An observer standing at the riverbank wants to measure the width of the river section where it flows through the standing position (the river section is relatively straight, the two banks can be viewed as parallel).

From standing position *A*he measures the angle of inclination \(\alpha \) = 35° relative to the river bank to a position *OLD* observable on the other side. Then move along the river to the location *REMOVE* way *A* some *d* = 50 m and continue to measure the angle of inclination \(\beta \)=65° relative to the riverbank to the position *OLD* selected (Figure 53). What is the width of the river that flows through the observer’s position (rounded to the nearest hundredth)?

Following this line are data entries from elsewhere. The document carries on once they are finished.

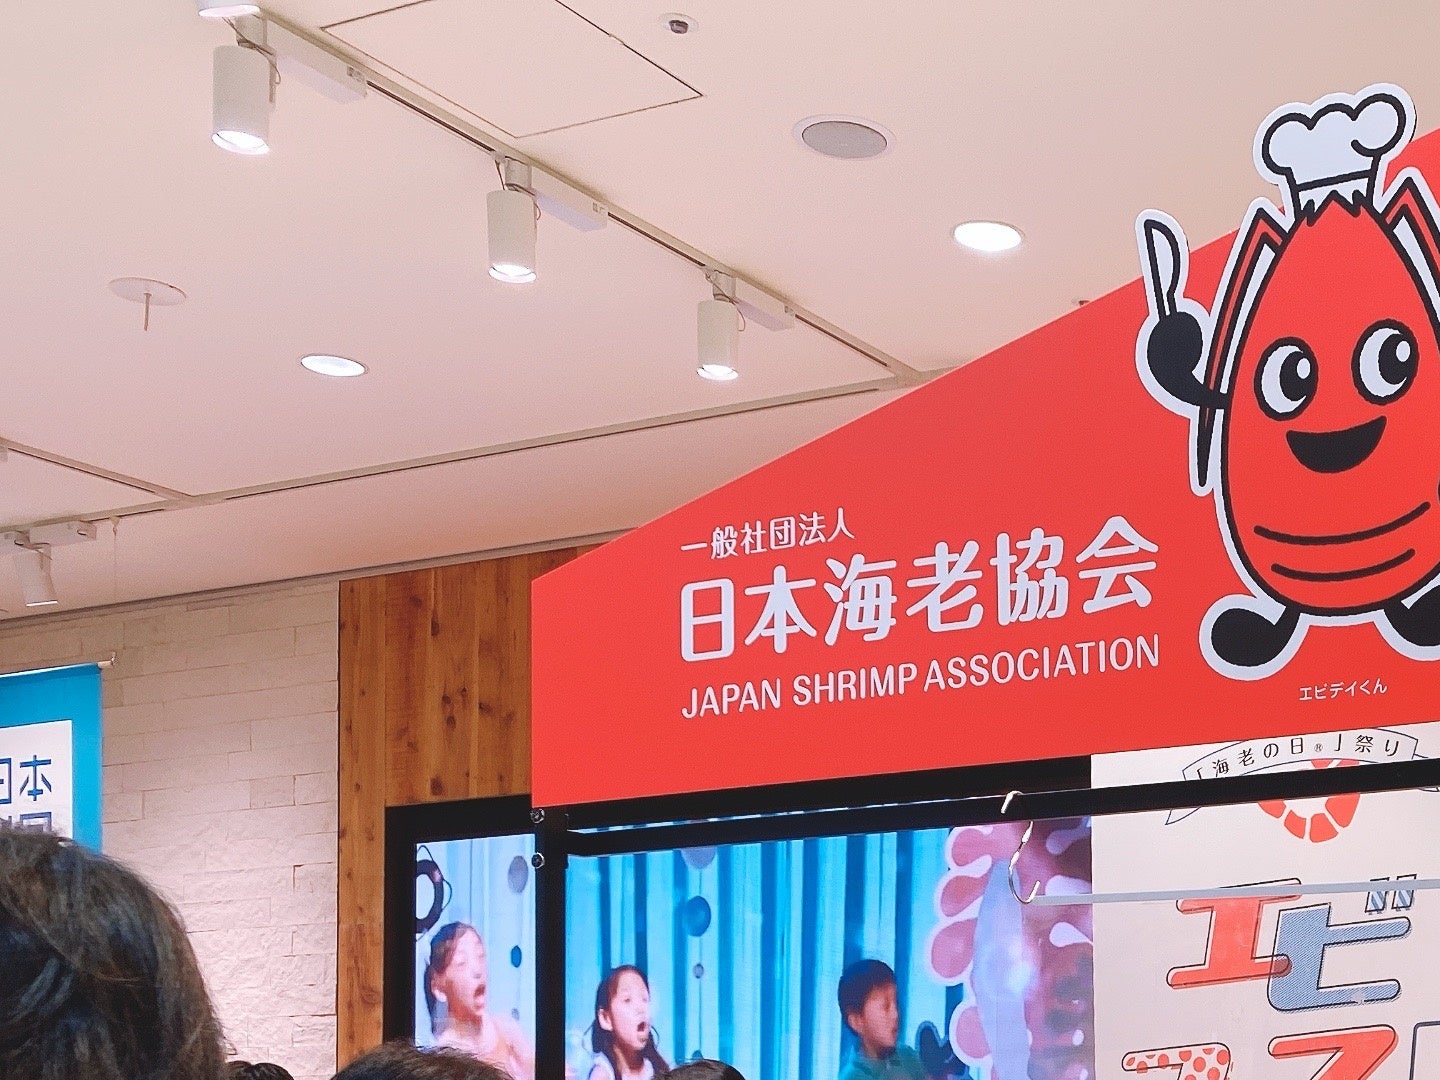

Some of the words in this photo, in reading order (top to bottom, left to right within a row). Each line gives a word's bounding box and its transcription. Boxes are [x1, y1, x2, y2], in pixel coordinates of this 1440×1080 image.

[680, 507, 855, 559] 一般社団法人
[680, 515, 1159, 662] 日本海老協会
[681, 678, 781, 719] JAPAN
[792, 661, 919, 706] SHRIMP
[923, 633, 1160, 692] ASSOCIATION
[1166, 874, 1417, 1012] エビ

**Solution method – See details**

The width of the river is the height drawn from the top *OLD* by*ABC*

Step 1: Calculate the angle \(\widehat {ABC},\widehat {ACB}\)

Step 2: Use the sine theorem to calculate the length *BC* by*ABC*

Step 3: Calculate the area of the triangle *ABC* according to the formula \(S = \frac{1}{2}BC.AB.\sin \widehat {ABC}\)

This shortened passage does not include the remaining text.